Notre âge rationaliste, émancipé de tout dogme, est en train de s’enlizer dans une misérable et vile idolâtrie. Nous glissons vers une sorte de néo-paganisme, moins les dieux de marbre blanc de l’Hellade, et les beaux mythes de l’Olympe. Le vrai dieu, le dieu unique, auquel tous croient et que tous servent, c’est l’Argent. Comme il a grandi et comme il est devenu gras, depuis les monts d’Arabie, le maigre veau d’or d’Aaron ! ses adorateurs ont multiplié comme les grains de sable du désert, et plus de Moïse descendant de la montagne pour le fondre et le réduire en poudre.
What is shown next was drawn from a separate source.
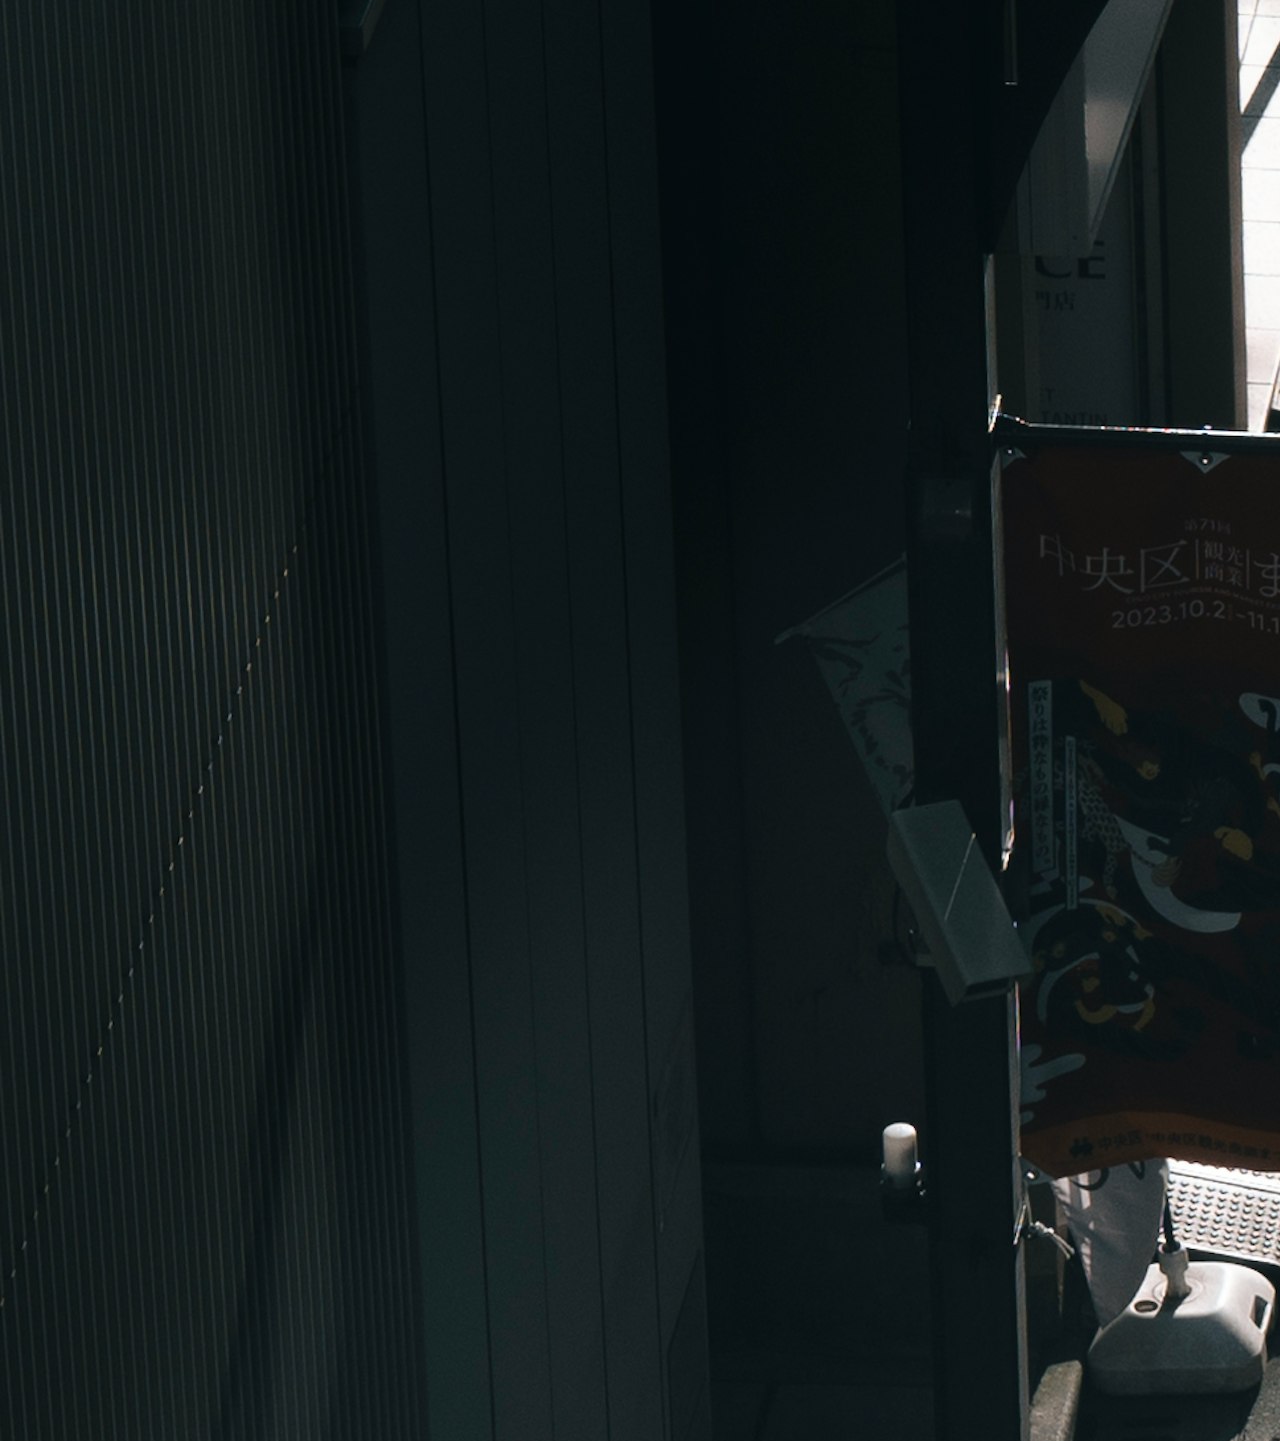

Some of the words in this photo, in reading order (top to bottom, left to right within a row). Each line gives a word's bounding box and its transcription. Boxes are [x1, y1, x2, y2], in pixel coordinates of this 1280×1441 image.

Juifs et chrétiens dansent à l’envi autour de lui ; les plus fiers de nos fils plient le genou devant ses images, et les plus chastes de nos filles suspendent à ses autels leur voile de mariée. Le juif a oublié son Messie, et le chrétien ne se souvient plus de son Sauveur. Le Messie, des temps nouveaux, c’est l’argent, et le moderne rédempteur est la richesse qui doit établir parmi les hommes le vrai royaume de Dieu, leur ouvrir la terre promise où le lait et le miel couleront en abondance. La Bourse est le temple de la nouvelle Sion, et le Sinaï dont descend la loi, le Horeb d’où découle la source de vie, c’est le Stock Exchange ou Wall Street. Si, par un reste de pudeur ancienne, la richesse n’est pas encore la divinité officielle de nos démocraties, — la plus noble déesse de notre moderne Panthéon, la vierge hautaine devant laquelle se courbe notre orgueil, la Science, la nouvelle Pallas Athéné, n’est aux yeux du grand nombre que la servante et le ministre de l’aveugle Ploutos, celle dont la main tient la corne d’abondance qui va répandre à flots sur le monde le bien-être et la richesse.


Anatole Leroy-Beaulieu.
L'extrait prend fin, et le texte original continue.